--- Task inputs ---

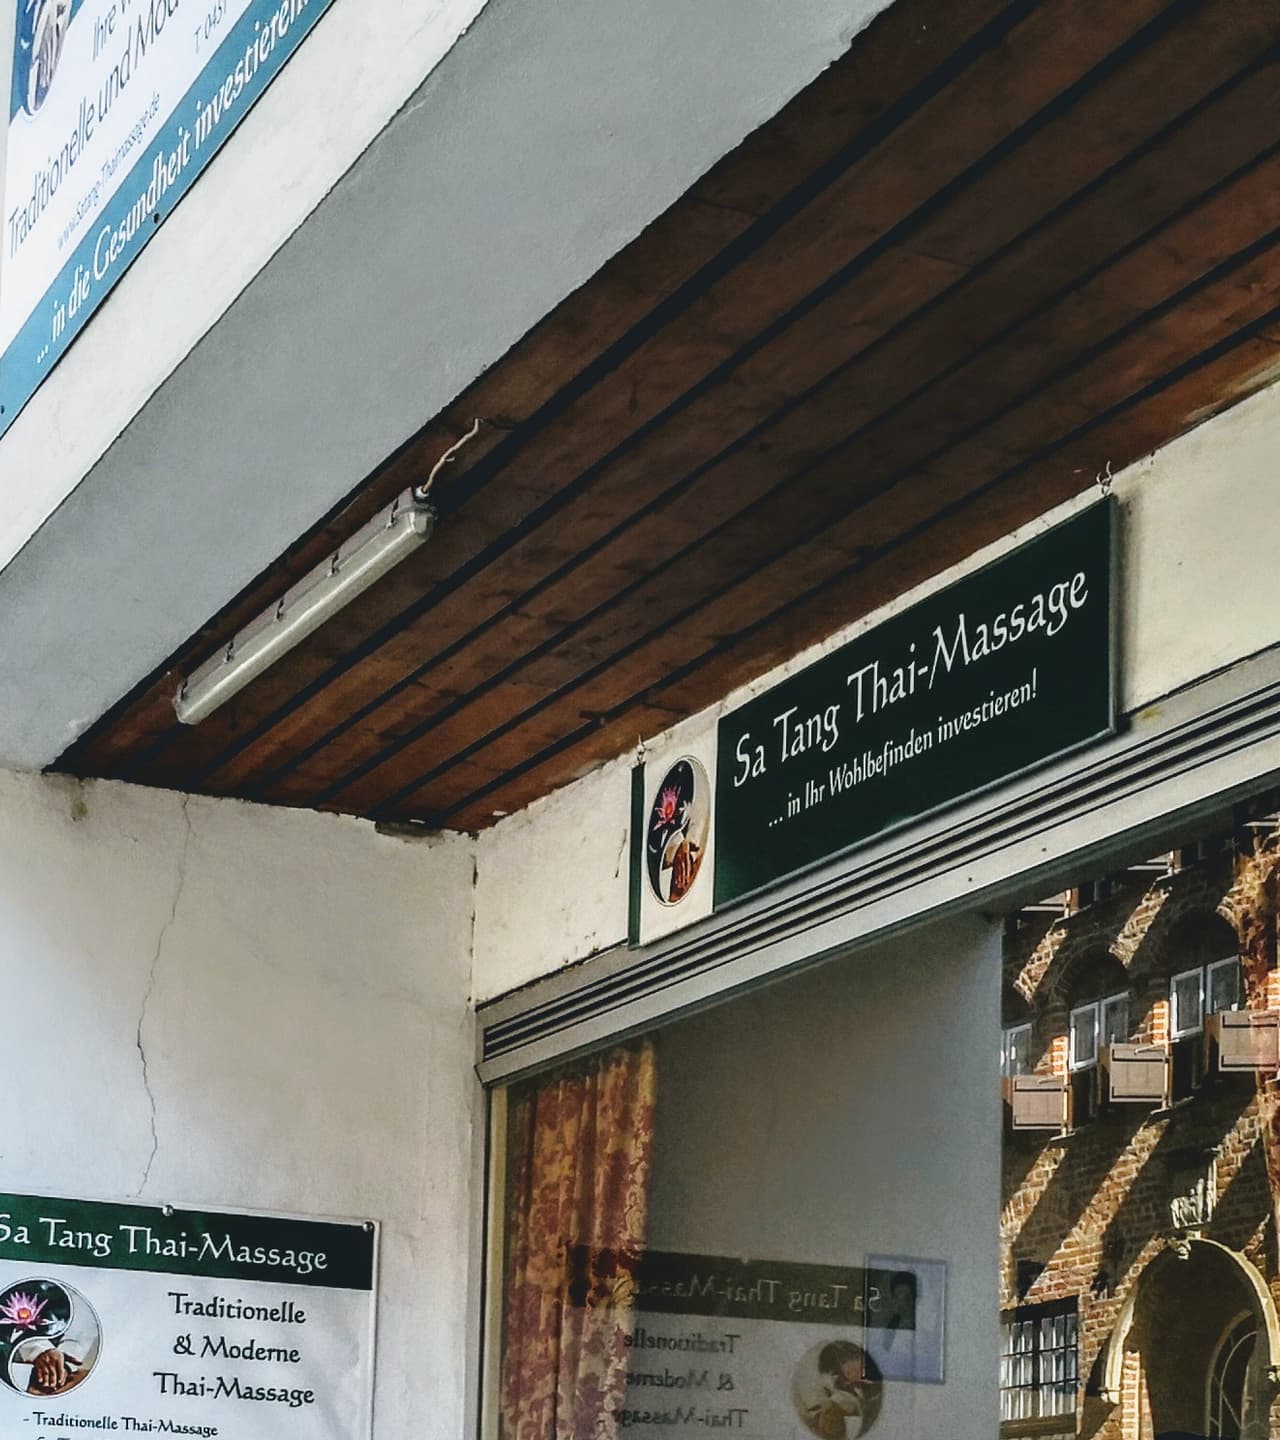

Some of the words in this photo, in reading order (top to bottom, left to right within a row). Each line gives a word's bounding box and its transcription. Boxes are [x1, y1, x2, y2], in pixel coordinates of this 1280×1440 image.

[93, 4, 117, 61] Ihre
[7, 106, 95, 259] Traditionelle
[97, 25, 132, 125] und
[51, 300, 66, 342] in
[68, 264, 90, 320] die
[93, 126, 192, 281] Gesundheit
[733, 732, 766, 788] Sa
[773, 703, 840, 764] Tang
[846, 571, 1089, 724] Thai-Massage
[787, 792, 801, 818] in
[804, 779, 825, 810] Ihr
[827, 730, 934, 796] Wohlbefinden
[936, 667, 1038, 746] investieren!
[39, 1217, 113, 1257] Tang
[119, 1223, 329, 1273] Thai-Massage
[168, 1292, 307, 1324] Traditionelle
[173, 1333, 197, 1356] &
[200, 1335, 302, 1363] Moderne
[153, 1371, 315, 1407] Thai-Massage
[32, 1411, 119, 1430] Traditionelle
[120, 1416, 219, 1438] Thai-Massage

---

**Work request**
Write out the listing above exactly, images omitted.

**Response**
Some of the words in this photo, in reading order (top to bottom, left to right within a row). Each line gives a word's bounding box and its transcription. Boxes are [x1, y1, x2, y2], in pixel coordinates of this 1280×1440 image.

[93, 4, 117, 61] Ihre
[7, 106, 95, 259] Traditionelle
[97, 25, 132, 125] und
[51, 300, 66, 342] in
[68, 264, 90, 320] die
[93, 126, 192, 281] Gesundheit
[733, 732, 766, 788] Sa
[773, 703, 840, 764] Tang
[846, 571, 1089, 724] Thai-Massage
[787, 792, 801, 818] in
[804, 779, 825, 810] Ihr
[827, 730, 934, 796] Wohlbefinden
[936, 667, 1038, 746] investieren!
[39, 1217, 113, 1257] Tang
[119, 1223, 329, 1273] Thai-Massage
[168, 1292, 307, 1324] Traditionelle
[173, 1333, 197, 1356] &
[200, 1335, 302, 1363] Moderne
[153, 1371, 315, 1407] Thai-Massage
[32, 1411, 119, 1430] Traditionelle
[120, 1416, 219, 1438] Thai-Massage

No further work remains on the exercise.